Following the transaction, Trafigura and its subsidiaries hold 9.57m shares, equalling a 4.8% stake.
The deal would have been worth NOK 45m ($4.2m) based on a trading price in Oslo of NOK 113.90 each on Tuesday, up 9.5%.
Tanker stocks rose sharply last year, but have been dented by the coronavirus crisis. Values have been rallying as the oil price fell into negative territory on Monday.
Trafigura acquired the Frontline stock when it sold 10 suezmaxes to the owner as part of a $675m cash and shares deal last August.

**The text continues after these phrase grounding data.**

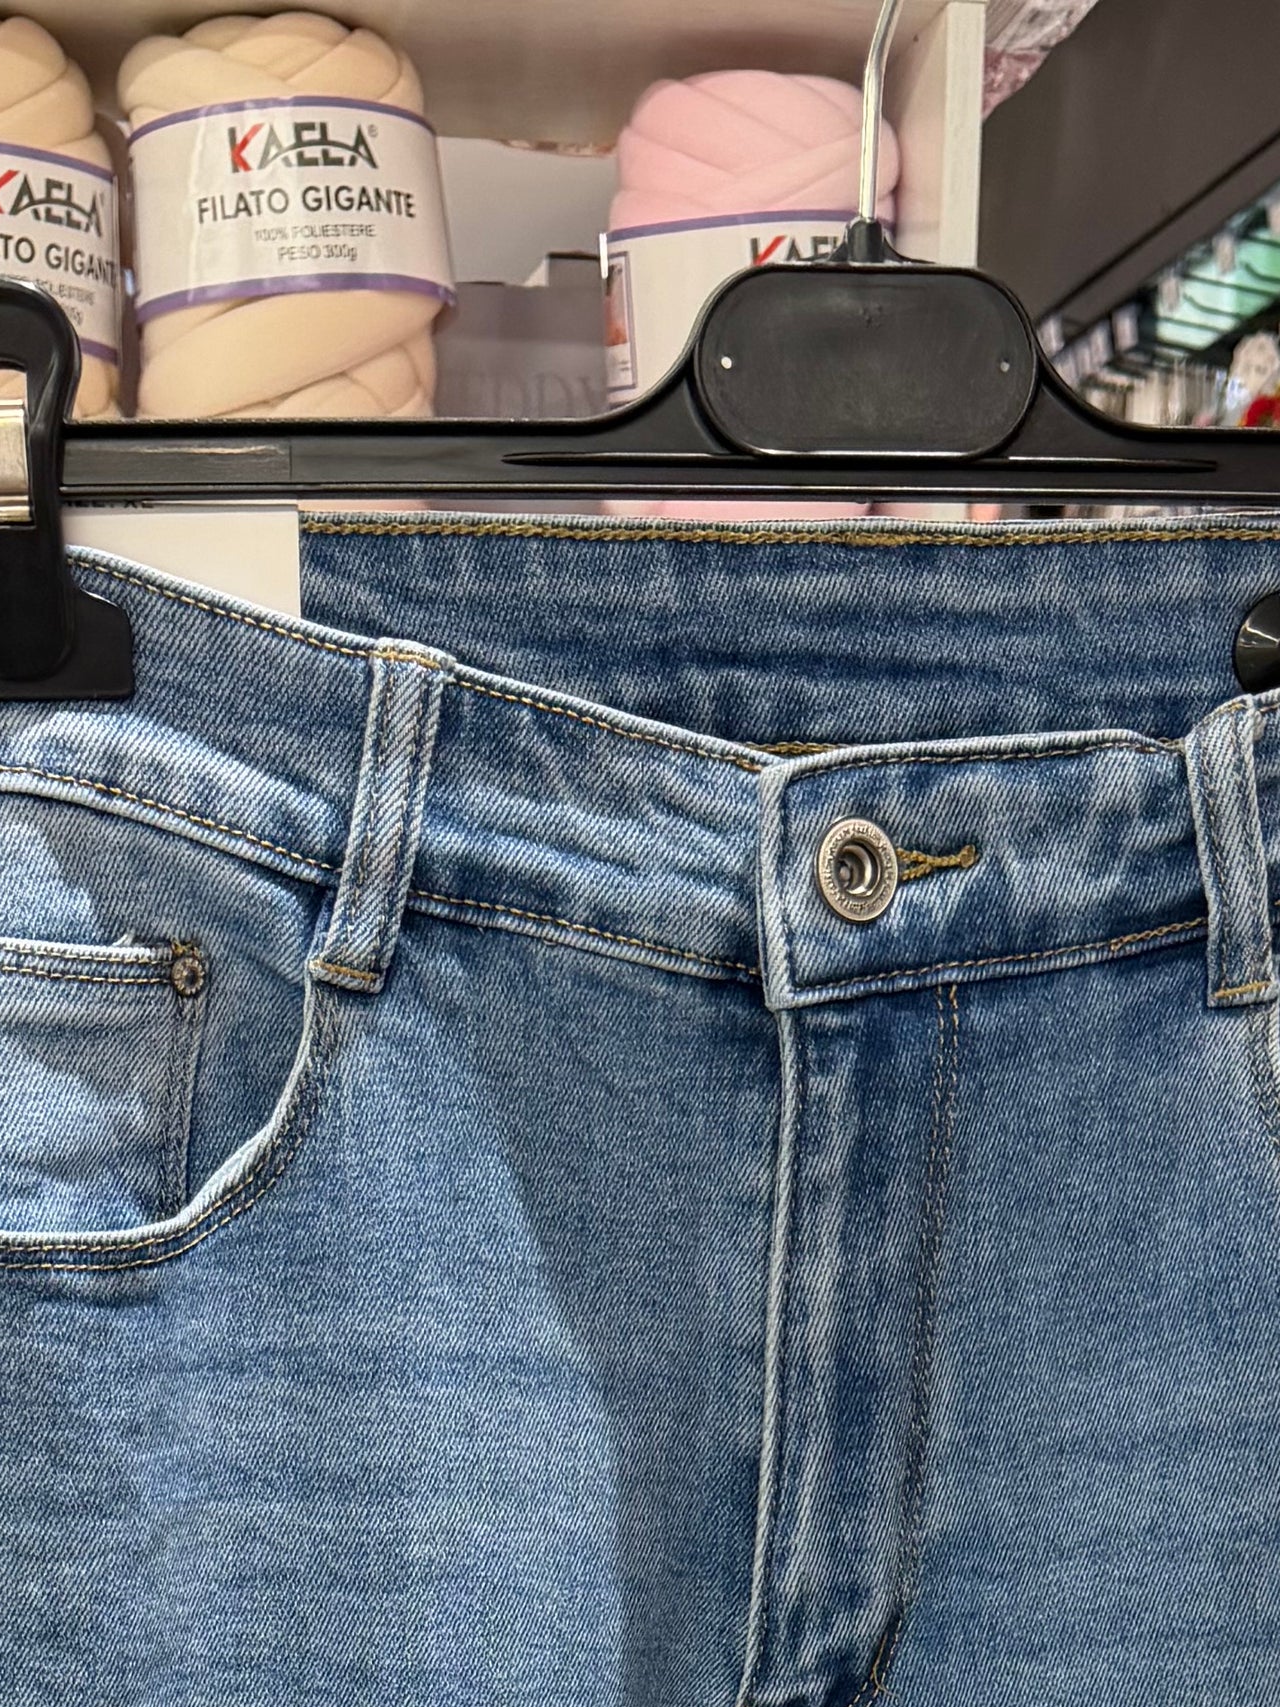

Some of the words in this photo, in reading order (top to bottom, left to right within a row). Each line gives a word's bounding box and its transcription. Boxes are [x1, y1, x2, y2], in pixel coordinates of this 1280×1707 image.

[228, 121, 379, 174] KAELA
[197, 187, 290, 225] FILATO
[302, 185, 417, 219] GIGANTE
[277, 245, 321, 262] PESO
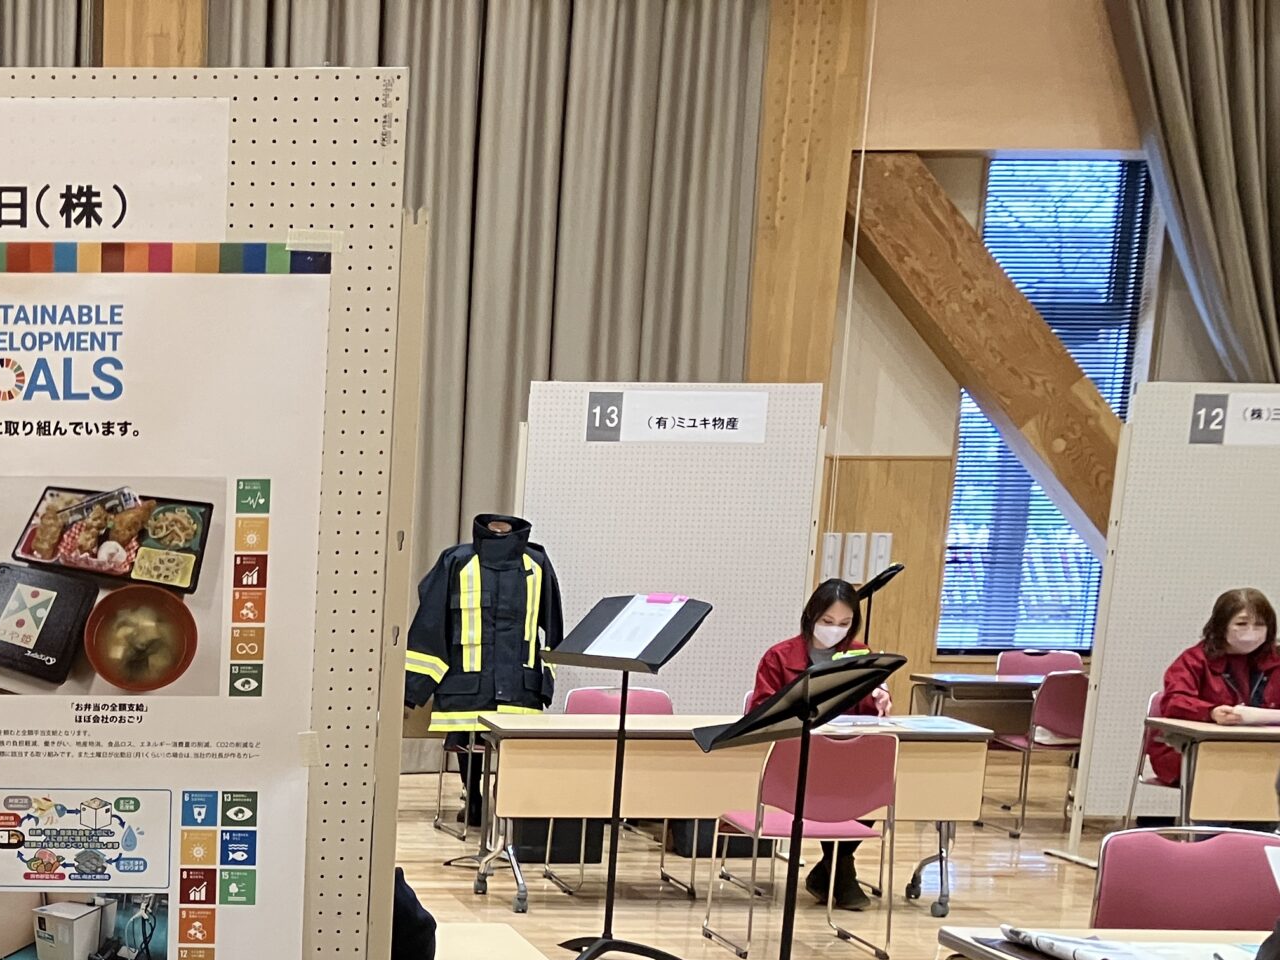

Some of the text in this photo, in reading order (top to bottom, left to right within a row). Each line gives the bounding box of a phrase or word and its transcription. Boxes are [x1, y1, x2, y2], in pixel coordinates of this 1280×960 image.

[592, 406, 618, 428] 13
[647, 416, 738, 430] （有）ミユキ物産
[1196, 408, 1224, 430] 12
[70, 702, 148, 712] 「お弁当の全額支給」
[74, 715, 143, 724] ほぼ会社のおごり
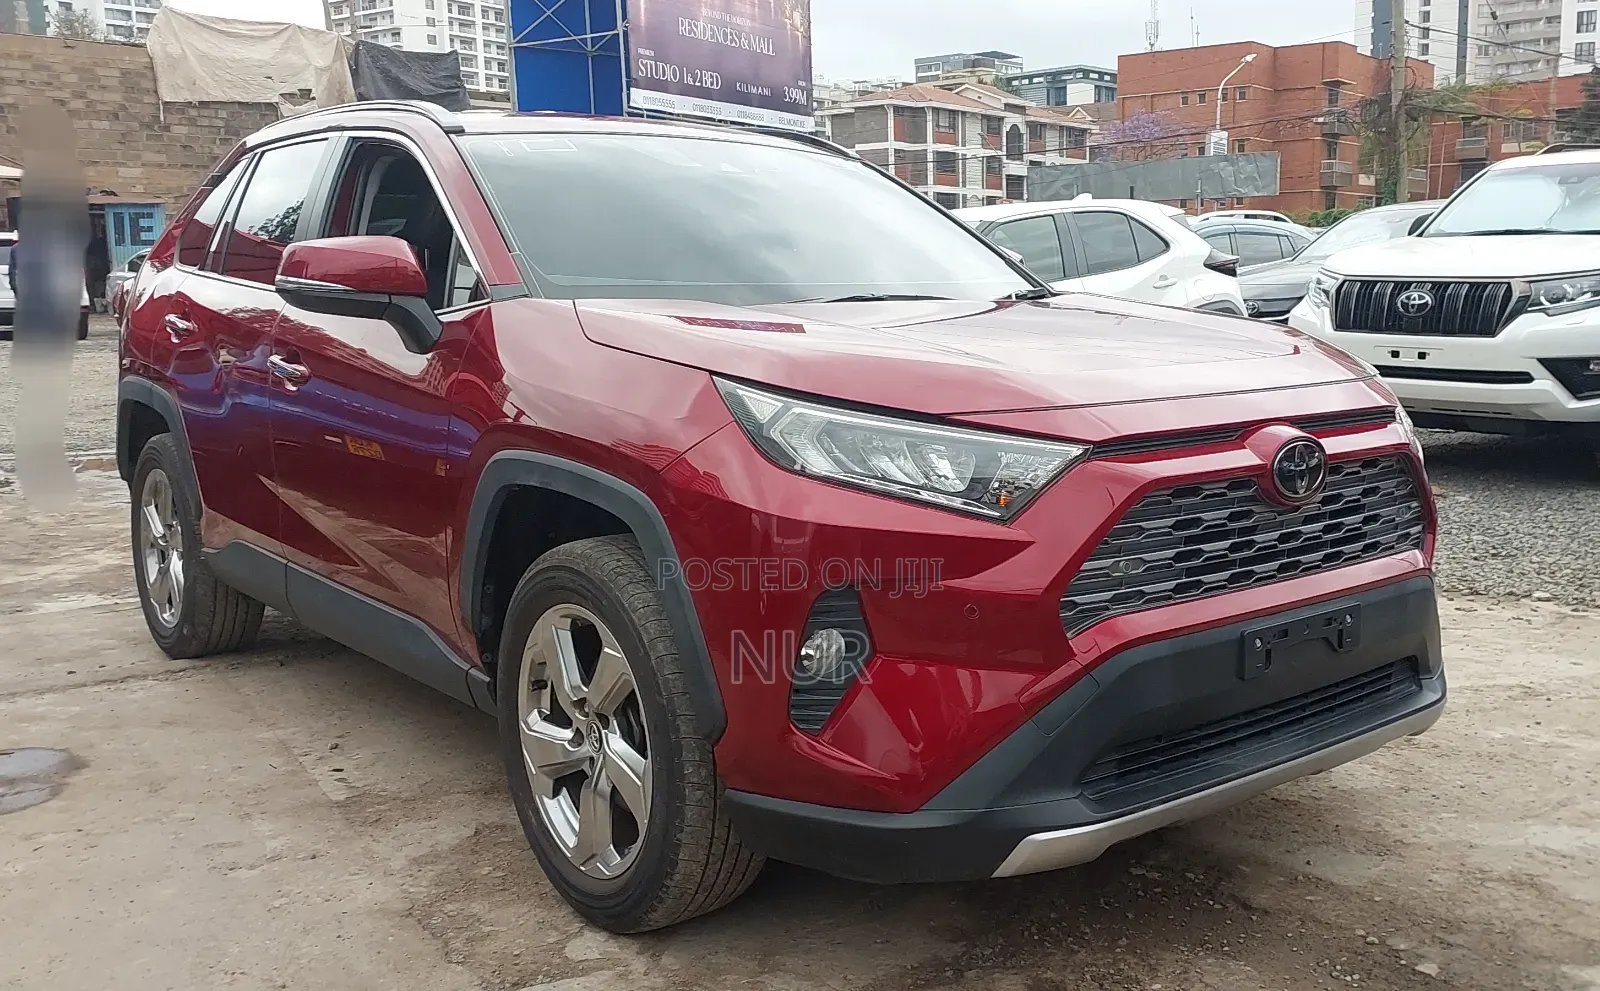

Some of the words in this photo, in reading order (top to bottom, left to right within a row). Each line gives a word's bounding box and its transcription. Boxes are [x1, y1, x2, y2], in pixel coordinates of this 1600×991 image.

[679, 17, 739, 48] RESIDENCES
[741, 33, 749, 50] &
[750, 34, 775, 56] MALL
[638, 58, 680, 82] STUDIO
[702, 70, 722, 90] BED
[736, 81, 772, 97] KILIMANI
[783, 86, 807, 106] 3.99M
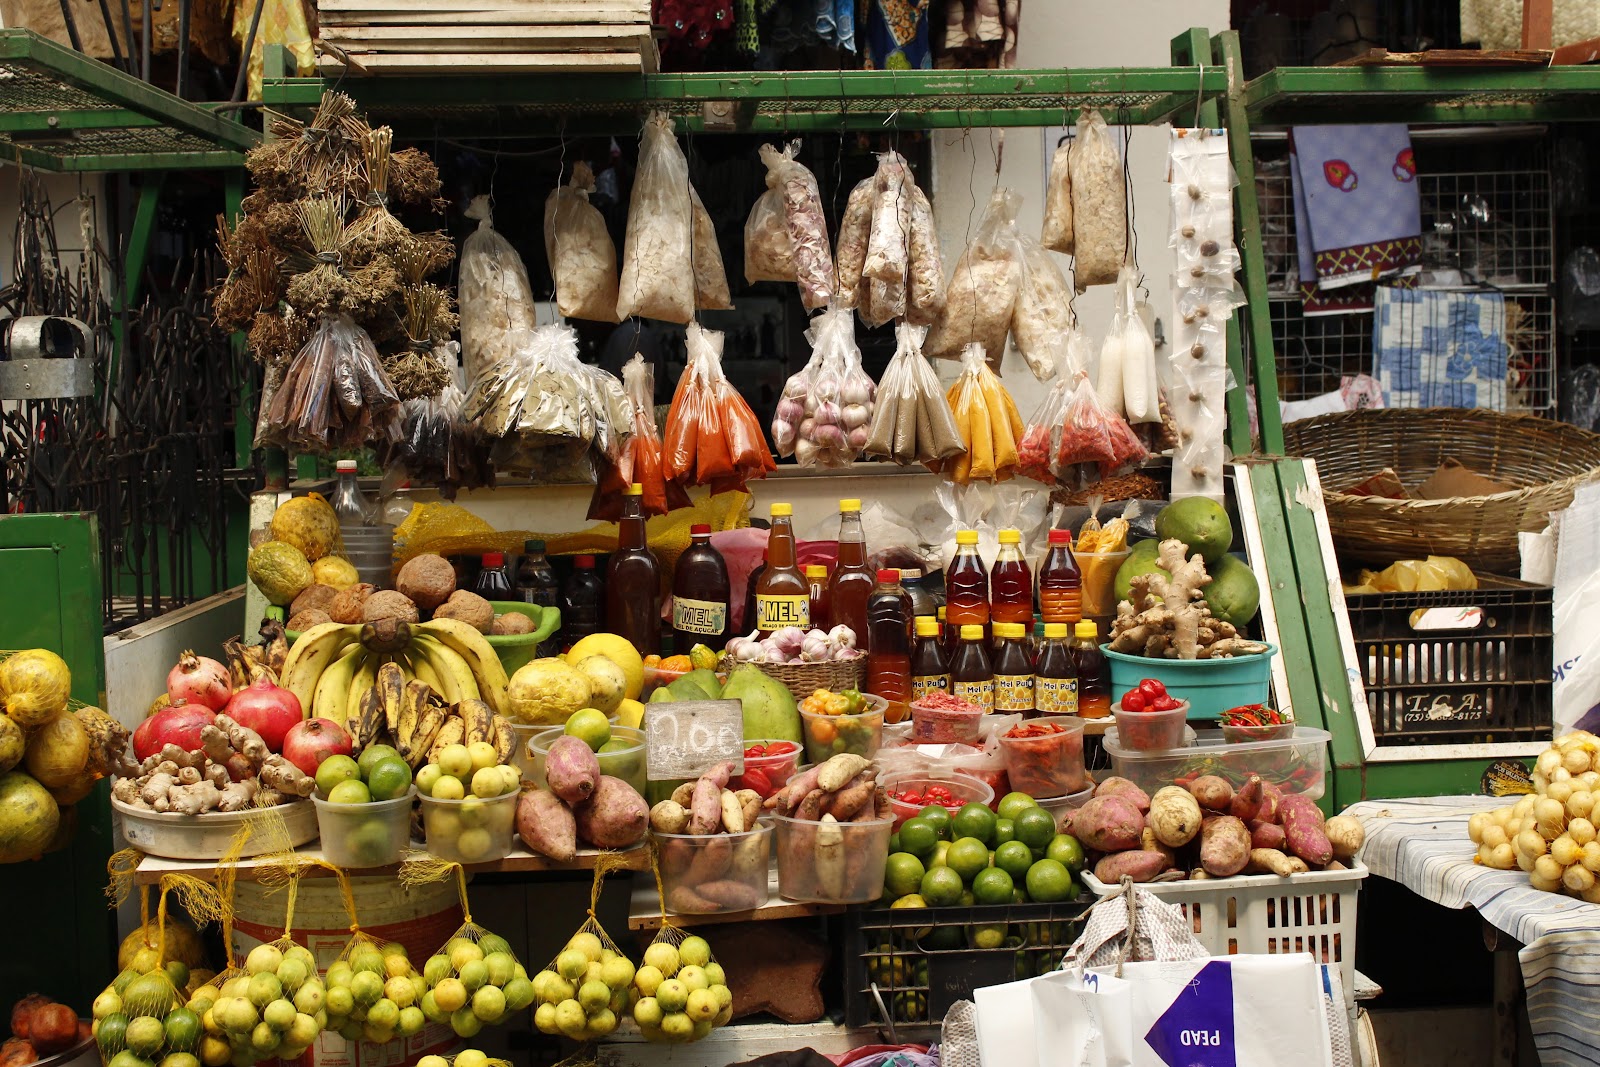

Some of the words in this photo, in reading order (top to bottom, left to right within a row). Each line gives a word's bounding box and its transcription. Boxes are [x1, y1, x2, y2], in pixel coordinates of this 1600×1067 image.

[682, 606, 713, 627] MEL
[766, 600, 799, 621] MEL
[967, 685, 981, 694] Mel
[1001, 680, 1013, 688] Mel
[1043, 682, 1057, 690] Mel
[1180, 1030, 1221, 1047] PEAD
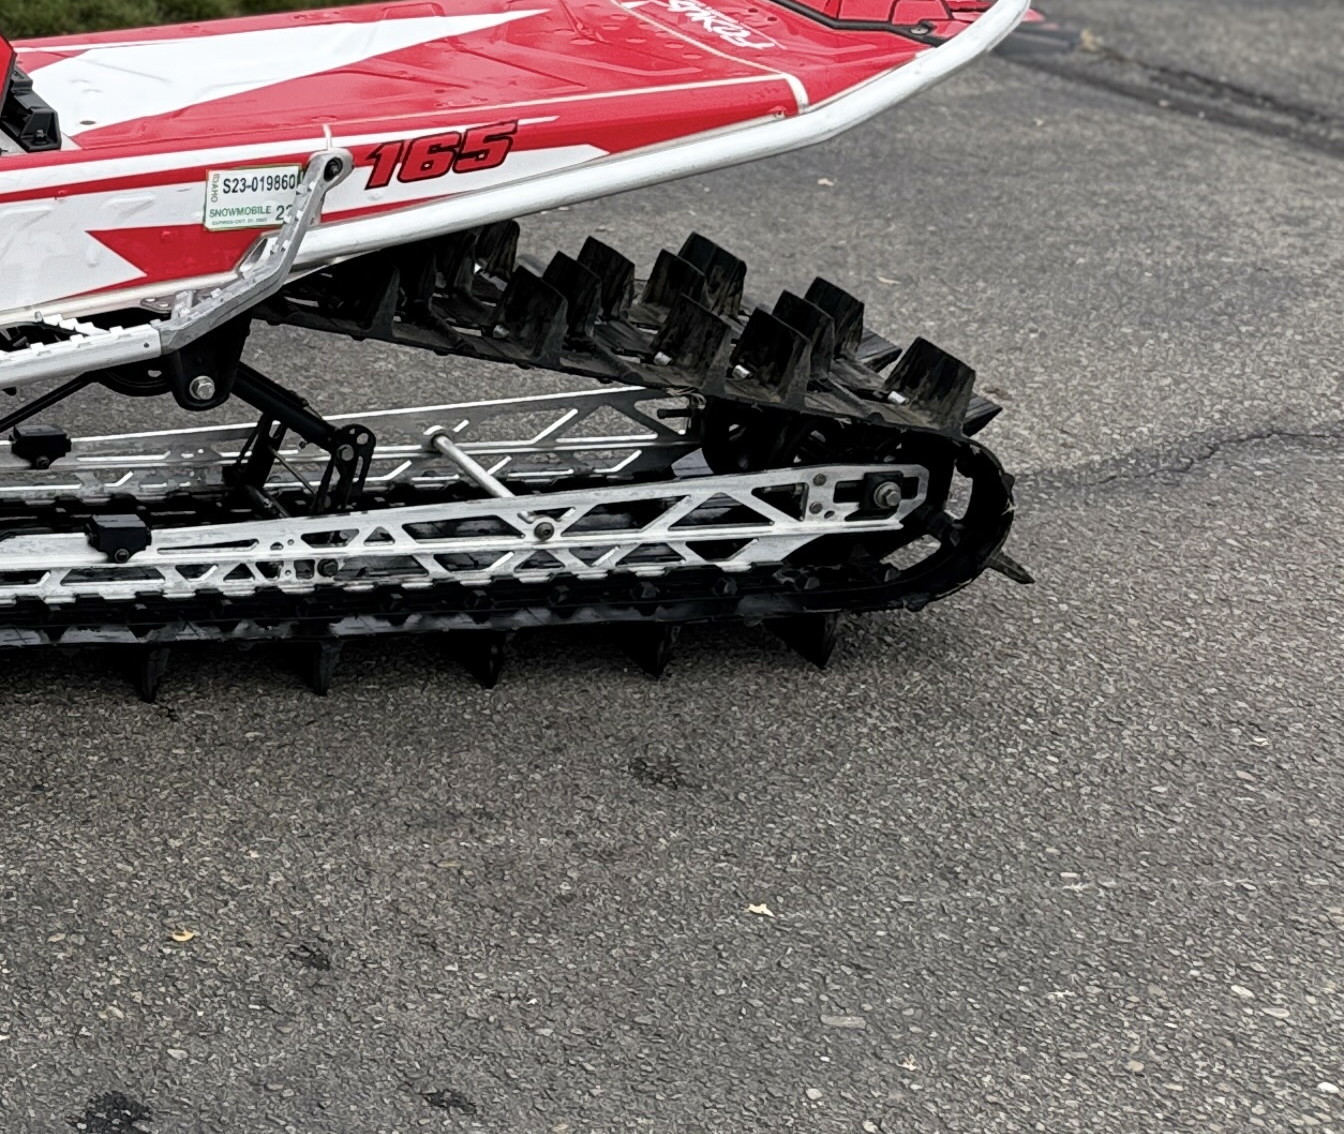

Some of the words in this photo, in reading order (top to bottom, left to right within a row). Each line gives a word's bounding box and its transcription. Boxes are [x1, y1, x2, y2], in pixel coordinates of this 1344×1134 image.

[364, 119, 519, 191] 165
[211, 174, 220, 203] IDAHO
[223, 174, 297, 194] S23-019860
[210, 206, 272, 218] SNOWMOBILE

At that point, it was awarded a holding of 8.48%.
Profit banked?
Trafigura has netted a profit of about $1m on Monday's deal, based on the $8 acquisition price in August.
Since the end of January, the trader appears to have been buying and selling opportunistically, however.
In February, it acquired 300,000 Frontline shares, giving it 5.04% at that time.
And shortly before that it sold around 229,000 shares.
It is not clear when the shareholding was cut from 8.48%.
The August deal saw Frontline acquire 10 scrubber-fitted tankers all built in 2019 at Korean shipyards with an option to buy four more, which it did not take up.
Trafigfura also made another similar move within weeks, taking a stake in Scorpio Tankers in exchange for 19 product carriers.
In February, Trafigura sold 1.2m shares in Scorpio Tankers, but retained 80% of its stock - a 7.9% holding.
This appeared to demonstrate both a nose for a quick profit and a long-term belief in the product tanker sector.
Strategic investor
Trafigura declined to comment, but it has been very active in tanker time charter markets of late and it is thought it remains committed to freight markets.
"This transaction is backed by our strong belief in tanker market fundamentals and reflects our ability to act swiftly and decisively with the support of our largest shareholder," Frontline CEO Robert Hvide Macleod said at the time of the deal last year.
"We welcome Trafigura as a strategic shareholder and believe the acquisition reflects the value Trafigura ascribes to our equity."
Rasmus Bach Nielsen, then global head of wet freight at Trafigura, said the deal marked the continuation of an approach that has “long been integral to Trafigura’s strategy, namely, investing in infrastructure assets in support of commodity flows”.
He said collaborating with a “market leader like Frontline” enabled it to maintain sufficient access to those assets for its trading business.
Trafigura also has a joint venture in bunkering, TFG Marine Fuels, set up with Frontline and another Fredriksen company, bulker owner Golden Ocean.
The two Fredriksen companies have stakes of 15% and 10% respectively.